One of the best films, or videos I should say, that I remember from this period was a documentary that was made with people on a rent strike in the East Village. And they took their video tape, and they took it to housing court, and they had evidence of all of the violations that the landlord had never remedied. And suddenly, they had power. And this was just the beginning of what was possible when people who were not trained professionals, but had this easy to use, new equipment, could speak up for themselves.

AMY DIPIERRO: Even though people were documenting their lives, perhaps they could show these videos in a court of law, they had no way to broadcast their work. And that’s where George had the idea that public access cable could be a programming medium in and of itself. How did he go about convincing the powers that be - most importantly, perhaps, the FCC - that they should back his big idea about public access?

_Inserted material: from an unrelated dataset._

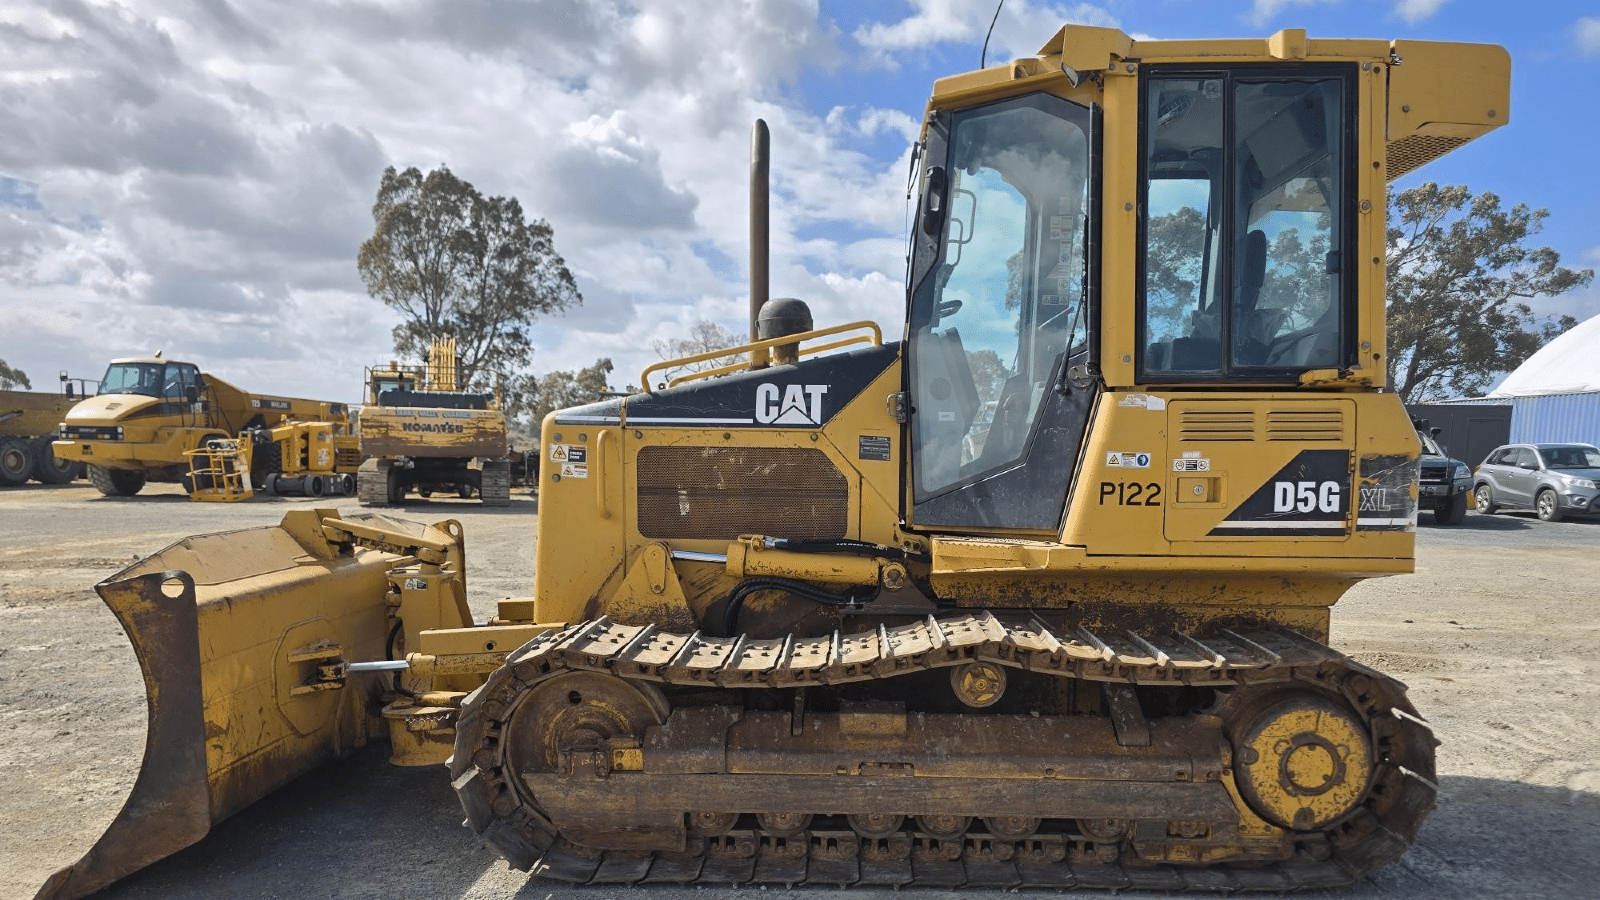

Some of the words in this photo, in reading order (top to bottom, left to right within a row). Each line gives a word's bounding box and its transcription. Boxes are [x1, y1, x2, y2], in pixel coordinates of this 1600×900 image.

[756, 382, 828, 424] CAT
[1099, 482, 1161, 506] P122
[1273, 480, 1340, 513] D5G
[1359, 488, 1391, 512] XL

DEIRDRE BOYLE: George’s idea was not to have cable be only a programmer of community-made media, [but] that the cable channels themselves should provide the technology, the access to the studios. Then, there was another level of access, which was getting it out to viewers. But this idea that the cable companies that acquired franchises owed something back to the community, whose airwaves - or cables, I should say -  were being acquired. And that became the argument that was used, first in New York state, but also as it sort of traveled around the country, as these experiments began to show the possibility of using cable for something more than just bringing in distant signals of entertainment programming.

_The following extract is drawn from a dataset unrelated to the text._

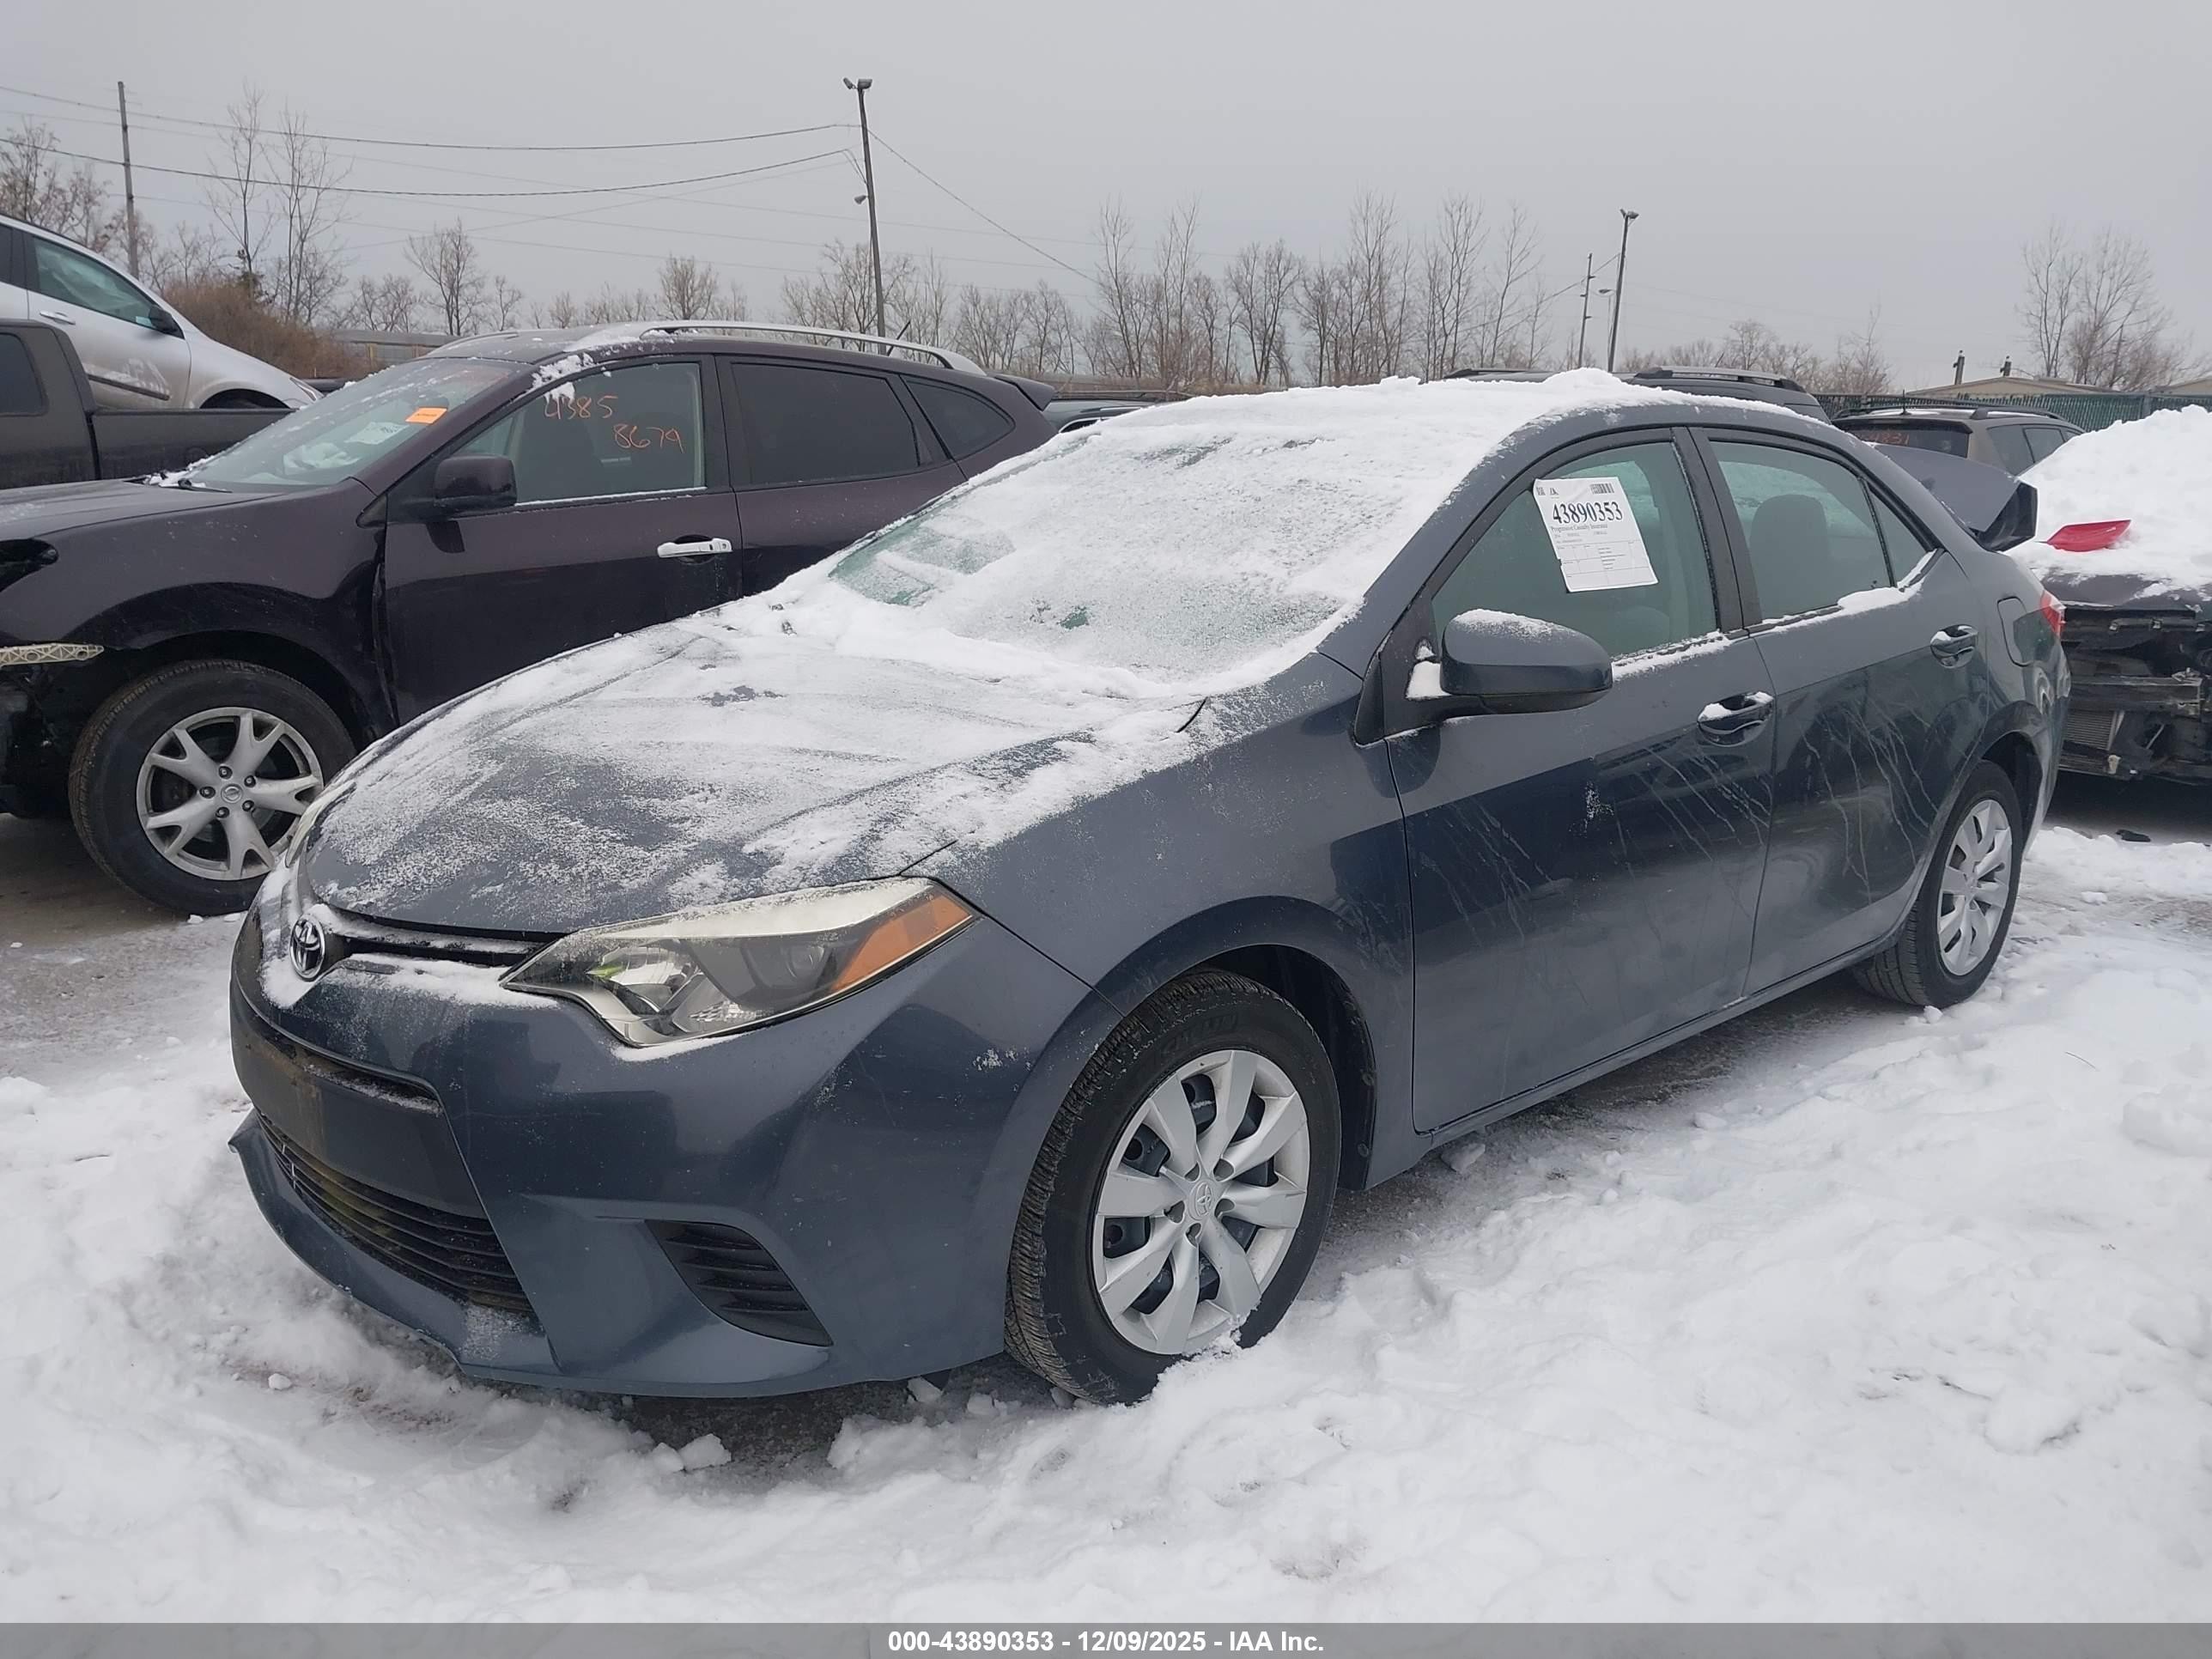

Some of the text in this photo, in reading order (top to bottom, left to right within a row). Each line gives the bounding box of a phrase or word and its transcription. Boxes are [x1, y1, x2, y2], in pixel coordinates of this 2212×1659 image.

AMY DIPIERRO: And how did it travel across the country?

DEIRDRE BOYLE: George was a bit like, and the Alternate Media Center, were a bit like Johnny Appleseed. They sent student interns to these various cable franchises and helped the people establish these community access centers in cable systems. And for a time, when the FCC mandated this - it was only a short time - but there was this extraordinary flourishing of what was needed at the time, time of tremendous social change, and also, this idea that the media should not only deliver to the people, but be the voice of the people themselves.

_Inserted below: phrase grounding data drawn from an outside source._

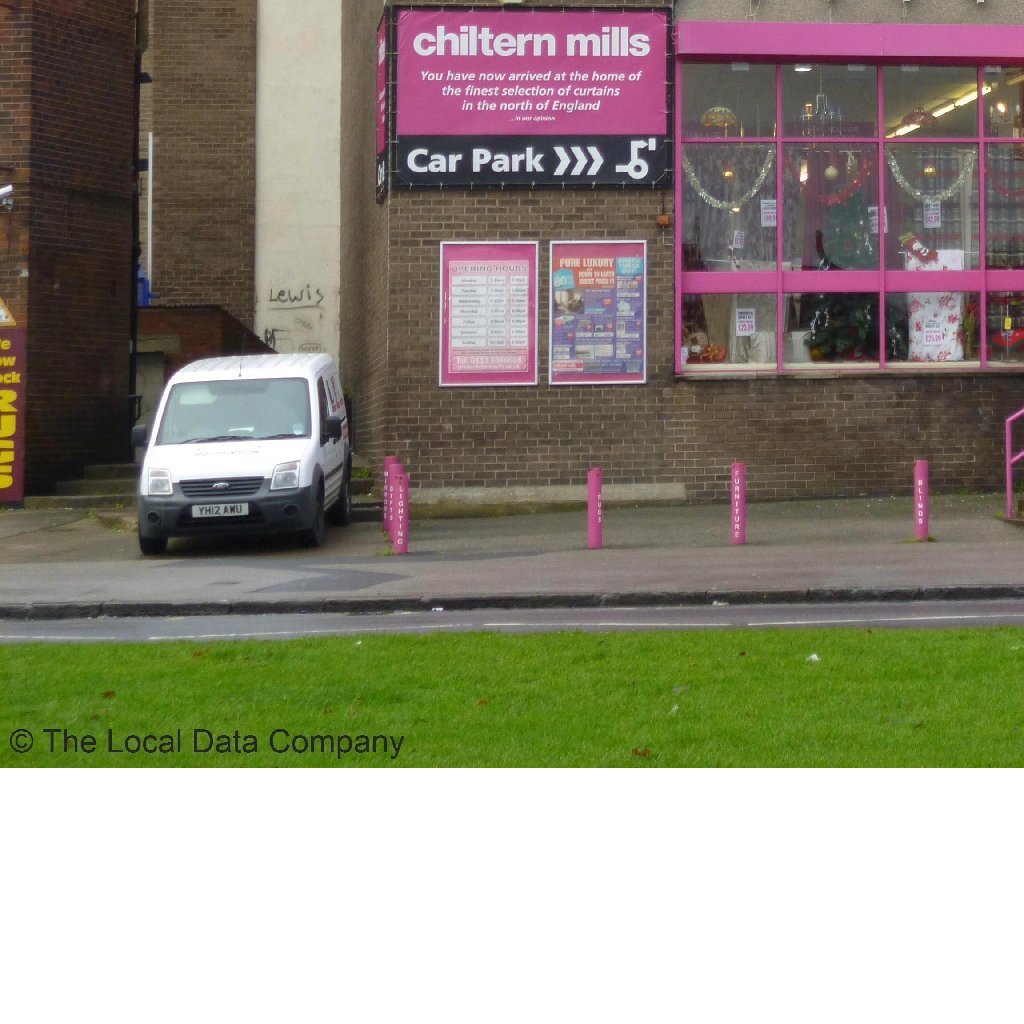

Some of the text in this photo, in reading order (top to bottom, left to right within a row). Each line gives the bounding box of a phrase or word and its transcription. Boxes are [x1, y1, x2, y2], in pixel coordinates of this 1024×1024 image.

[413, 25, 556, 57] chiltern
[566, 26, 650, 57] mills
[421, 70, 642, 82] You have now arrived at the home of
[442, 85, 620, 97] the finest selection of curtains
[462, 100, 600, 113] in the north of England
[407, 148, 462, 173] Car
[472, 147, 544, 173] Park
[560, 257, 581, 268] PURE
[583, 257, 614, 268] LUXURY
[269, 284, 324, 305] Lewis
[198, 504, 243, 516] YH12 AWU

AMY DIPIERRO: Why was it such [an] important step for people in these communities to get behind a camera or on a television screen?

DEIRDRE BOYLE: I think a lot of people have the misconception that they all wanted to be Desperate Housewives, that this was somehow a kind of narcissistic display fantasy life. I think many of the people who were drawn to working in both facilitating community access video, and also the people who were signing up for classes and making tapes, felt that there were needs that weren’t being met in their community.

AMY DIPIERRO: Do you see public access TV as a possible forerunner to what we see as citizen media, citizen journalists today?

DEIRDRE BOYLE: I think video and public access was the social media of its age, and it really laid a foundation for what we have today. Long before there was YouTube, there was public access. Long before smartphones, there was portable video. And the same impulses were there at that time that we see much more widespread, and much more accessible today. This kind of impulse has been around for a long time and has sought out the available media at that time. And there were people, like George Stoney, who were able to help make it happen in a way that would have a legacy and endurance.

AMY DIPIERRO: Do you think that public access continues to be relevant today - or did the medium never really matter, and it was always just about people getting out their message?

DEIRDRE BOYLE: Broadcasting, the world of television and cable, have changed so dramatically that the significance of it may have been eclipsed by all the attention and the possibilities that new media afford. I still watch television, and I’m very glad that there’s something called public access on it. But I also use my iPhone, and occasionally look at YouTube, and certainly am interested in the latest ways of getting messages of social change out. Public access has become one of many forms now, but it was a very important one in its day.

AMY DIPIERRO: Thank you so much for coming by.

DEIRDRE BOYLE: My pleasure, Amy.

A memorial service for George Stoney will be held August 6 at the Abrons Arts Center in New York.